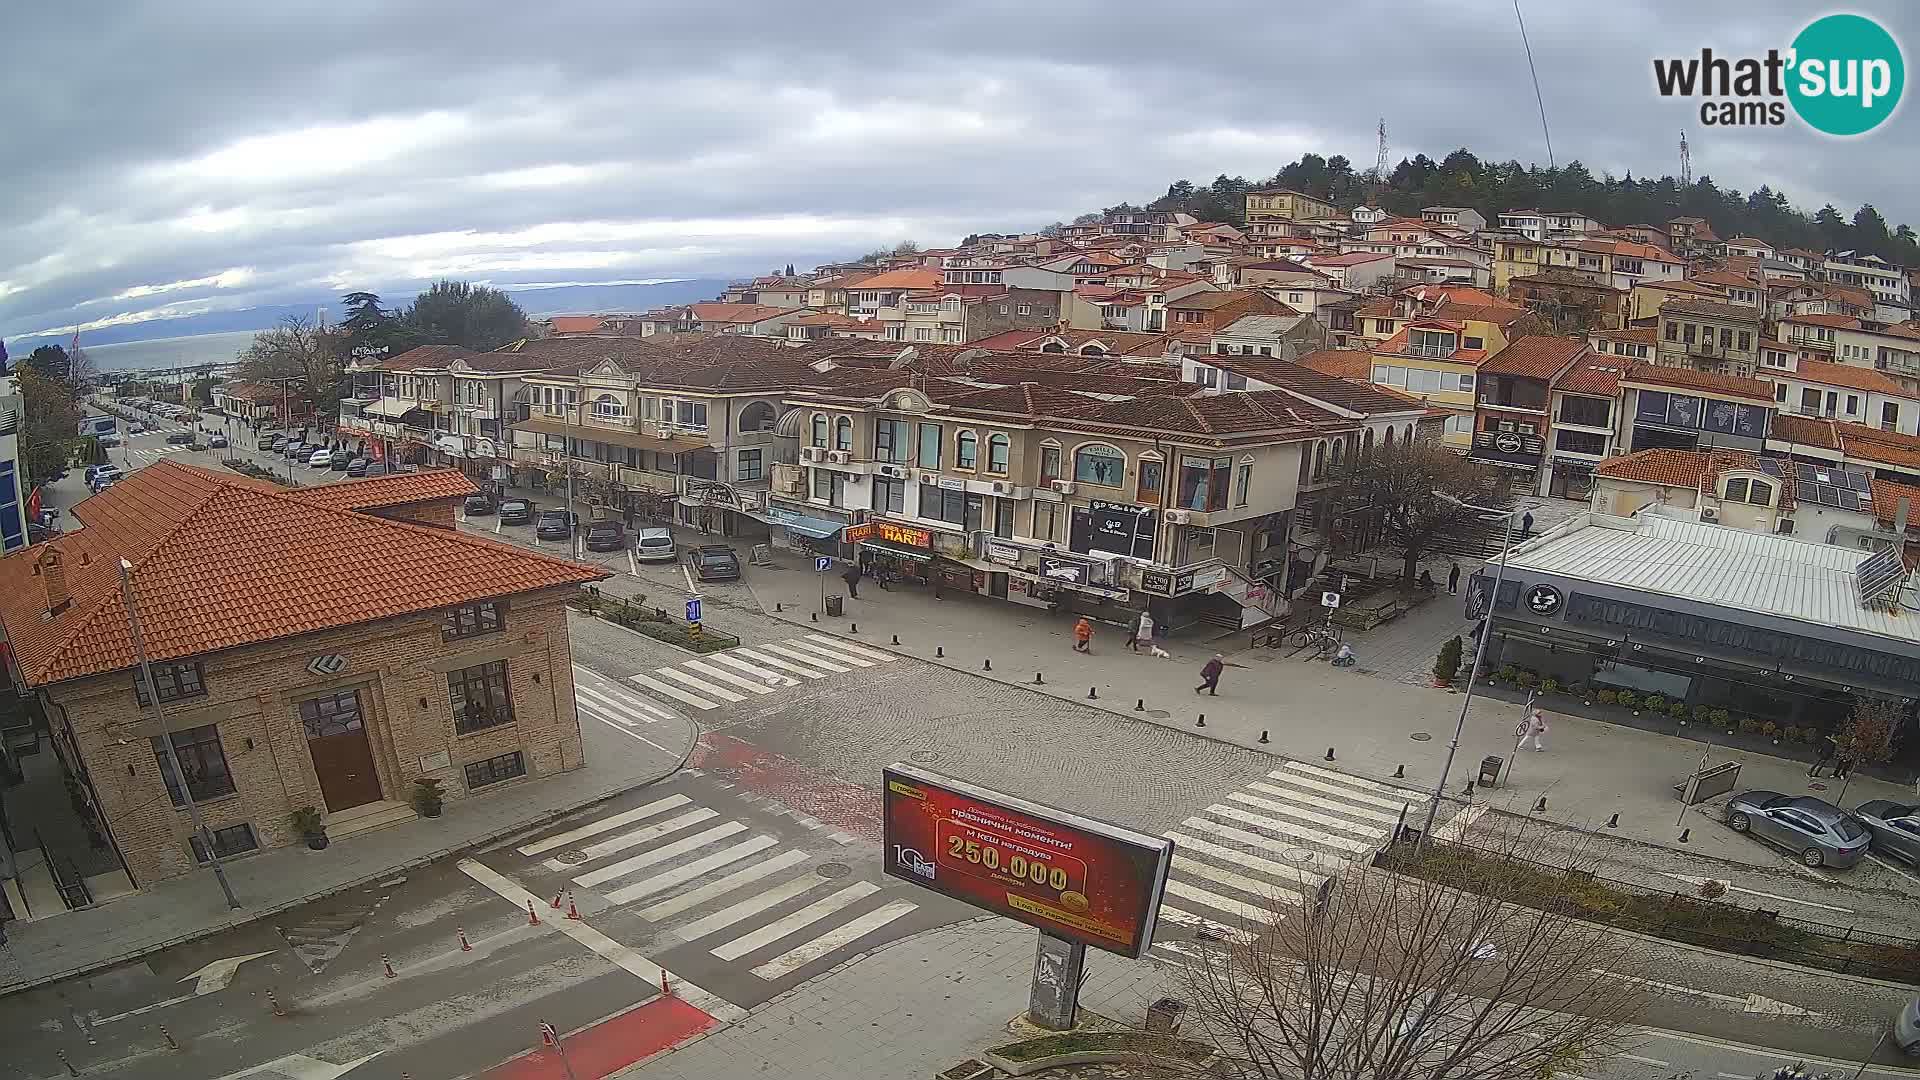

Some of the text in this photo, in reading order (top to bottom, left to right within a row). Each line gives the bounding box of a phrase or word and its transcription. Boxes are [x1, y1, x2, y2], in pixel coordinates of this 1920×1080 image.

[851, 525, 872, 538] HARI
[884, 529, 918, 547] HARI
[819, 558, 828, 570] P
[976, 831, 1000, 845] КЕШ
[1014, 827, 1073, 851] моменти!
[947, 834, 1068, 891] 250.000
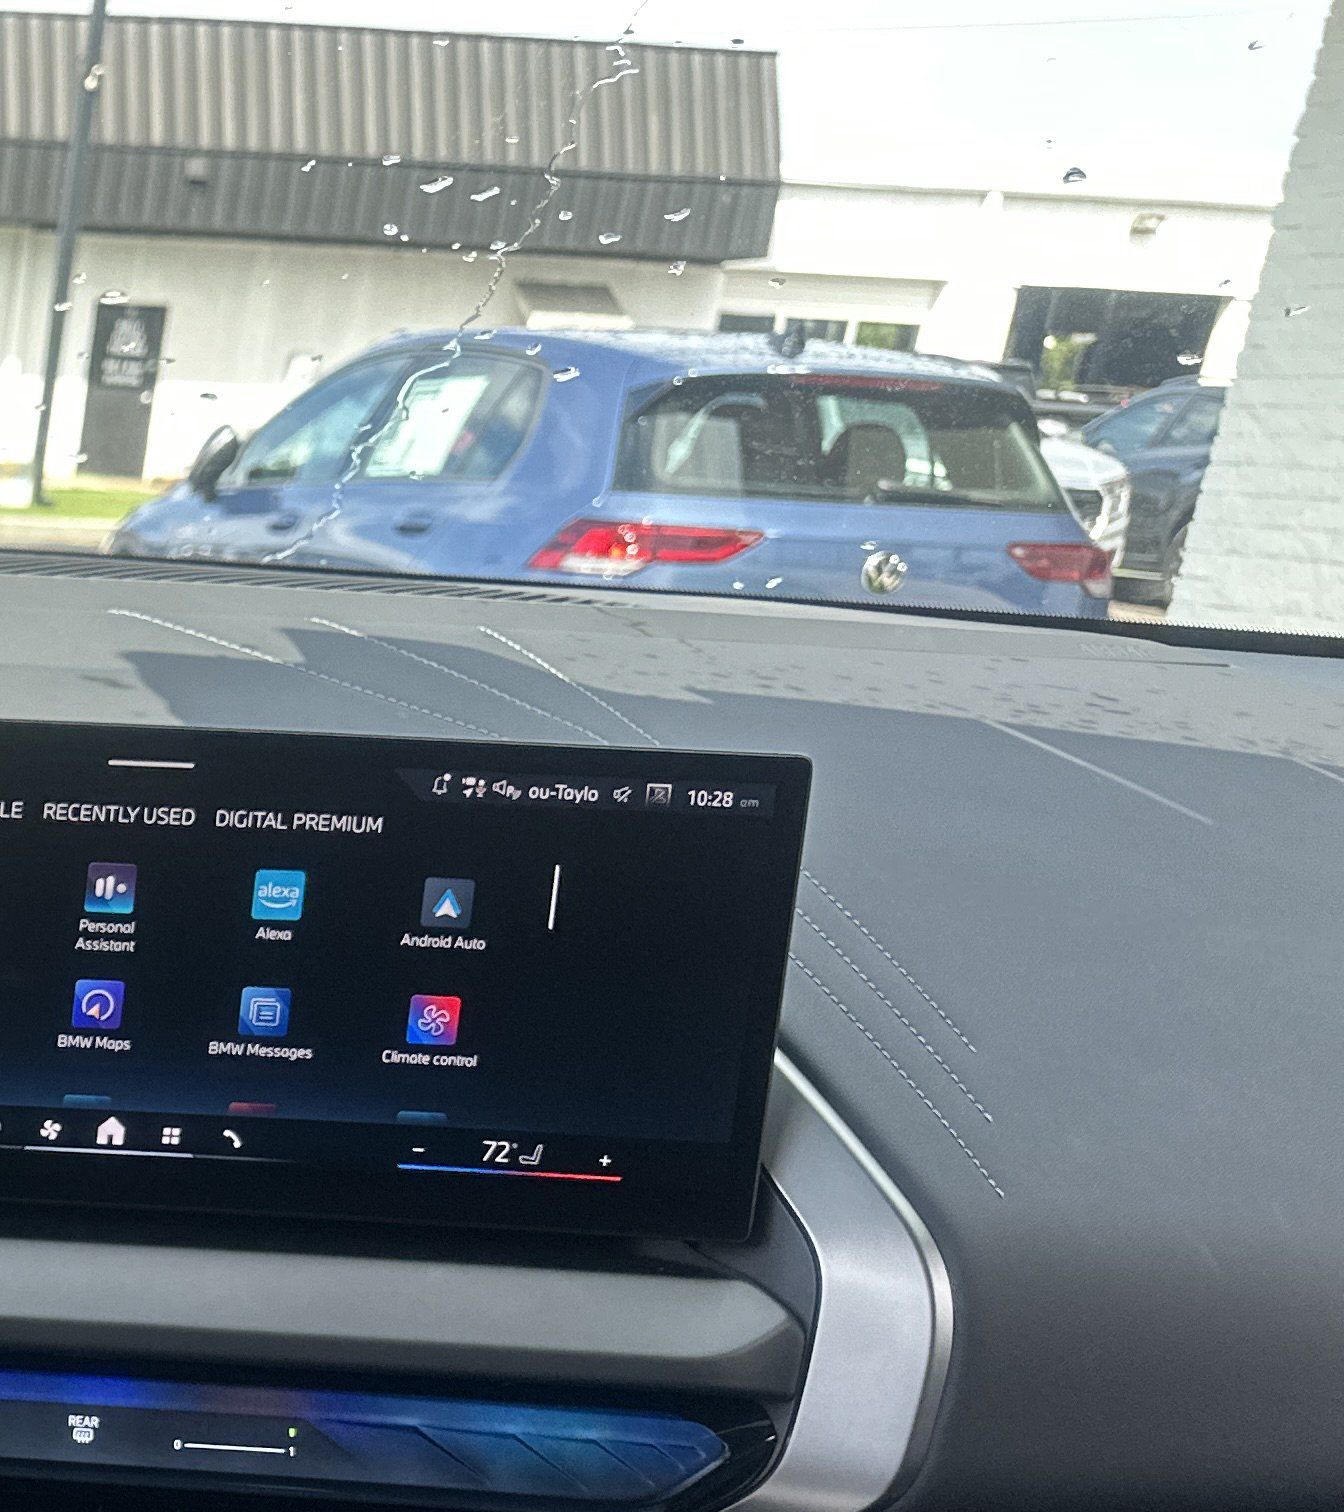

→ **EXERCISE BRIEF**
The entries are to be written out in full and exactly, apart from the pictures.

→ **ANSWER SPACE**
Some of the text in this photo, in reading order (top to bottom, left to right within a row). Each line gives the bounding box of a phrase or word and its transcription. Boxes are [x1, y1, x2, y2], in pixel coordinates of this 1920×1080 image.

[851, 525, 872, 538] HARI
[884, 529, 918, 547] HARI
[819, 558, 828, 570] P
[976, 831, 1000, 845] КЕШ
[1014, 827, 1073, 851] моменти!
[947, 834, 1068, 891] 250.000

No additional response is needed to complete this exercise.